**Aim of the task:** Apart from the pictures, write out the records that follow exactly.

**Material provided:**
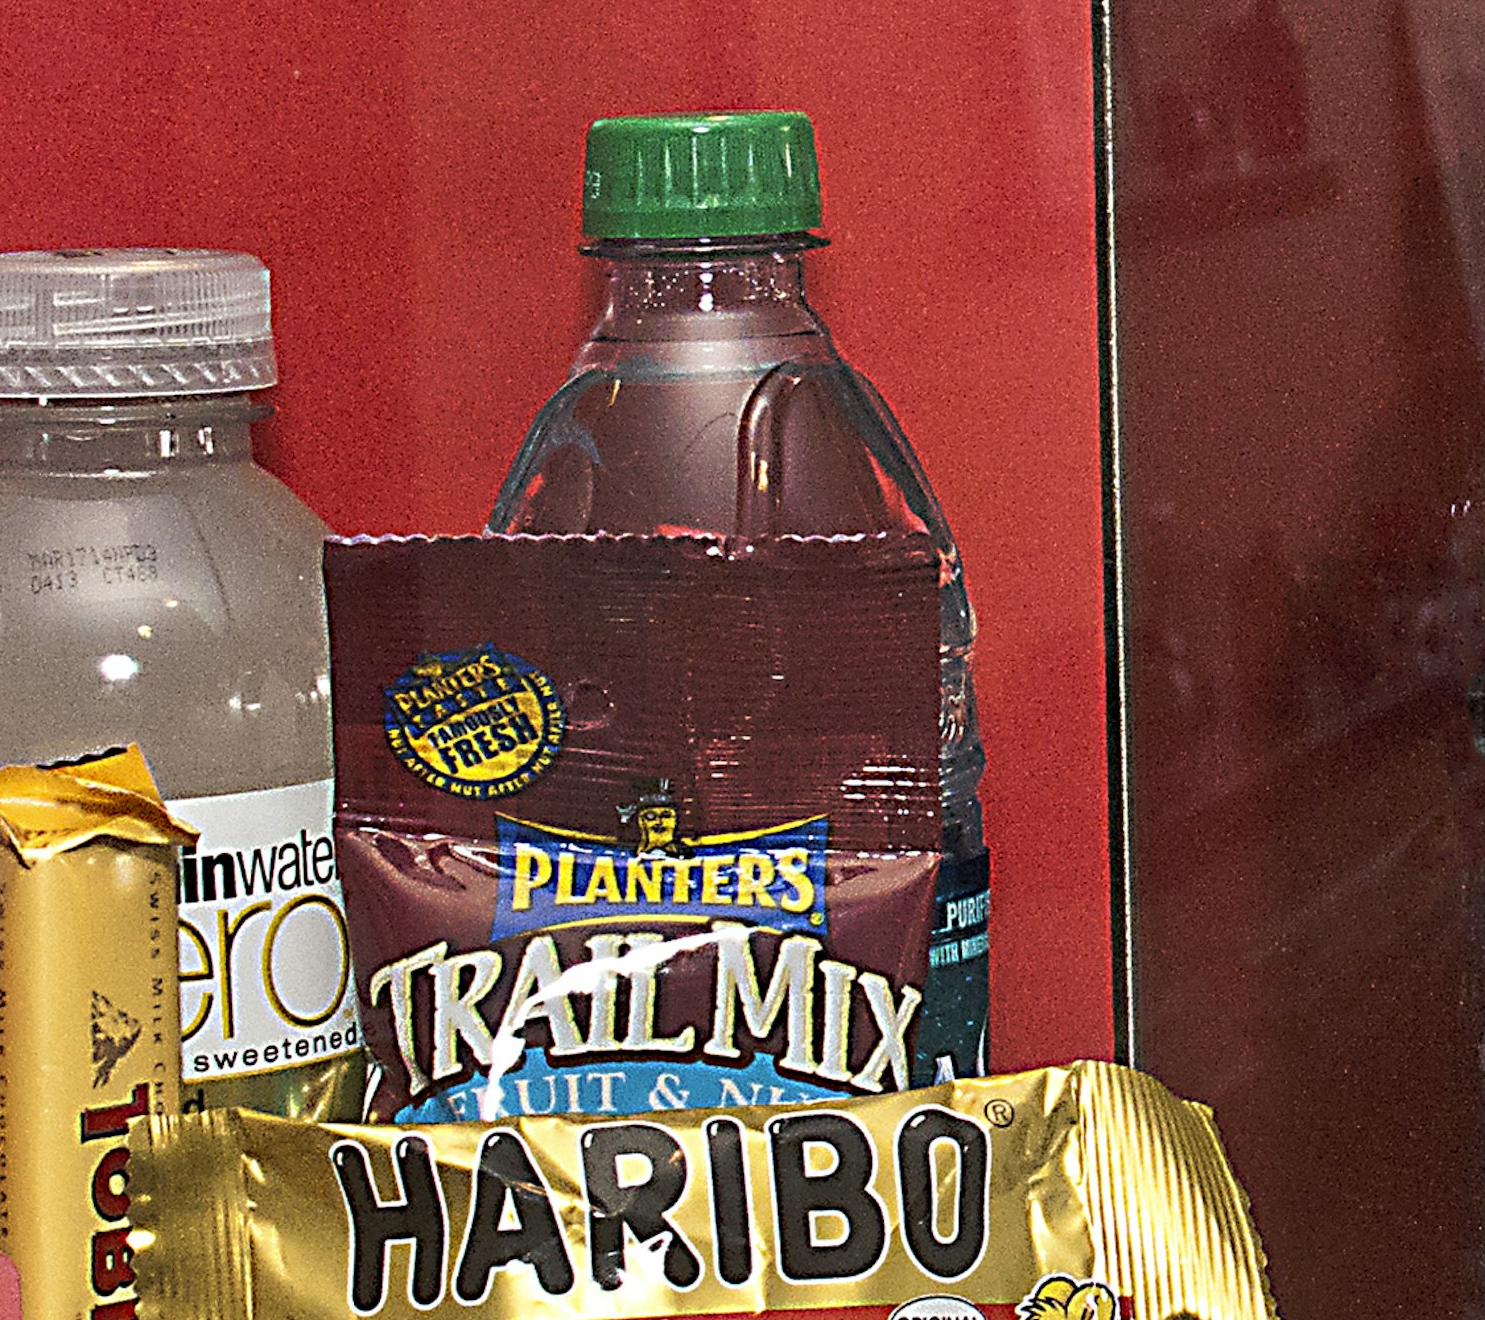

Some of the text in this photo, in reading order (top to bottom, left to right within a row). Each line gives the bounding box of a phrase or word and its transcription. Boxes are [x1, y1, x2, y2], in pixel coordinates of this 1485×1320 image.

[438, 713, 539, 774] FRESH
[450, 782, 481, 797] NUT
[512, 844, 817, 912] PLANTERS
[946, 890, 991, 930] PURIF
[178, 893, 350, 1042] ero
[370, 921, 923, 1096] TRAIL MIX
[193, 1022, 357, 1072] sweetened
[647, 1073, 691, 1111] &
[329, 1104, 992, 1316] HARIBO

**Written solution:**
Some of the text in this photo, in reading order (top to bottom, left to right within a row). Each line gives the bounding box of a phrase or word and its transcription. Boxes are [x1, y1, x2, y2], in pixel coordinates of this 1485×1320 image.

[438, 713, 539, 774] FRESH
[450, 782, 481, 797] NUT
[512, 844, 817, 912] PLANTERS
[946, 890, 991, 930] PURIF
[178, 893, 350, 1042] ero
[370, 921, 923, 1096] TRAIL MIX
[193, 1022, 357, 1072] sweetened
[647, 1073, 691, 1111] &
[329, 1104, 992, 1316] HARIBO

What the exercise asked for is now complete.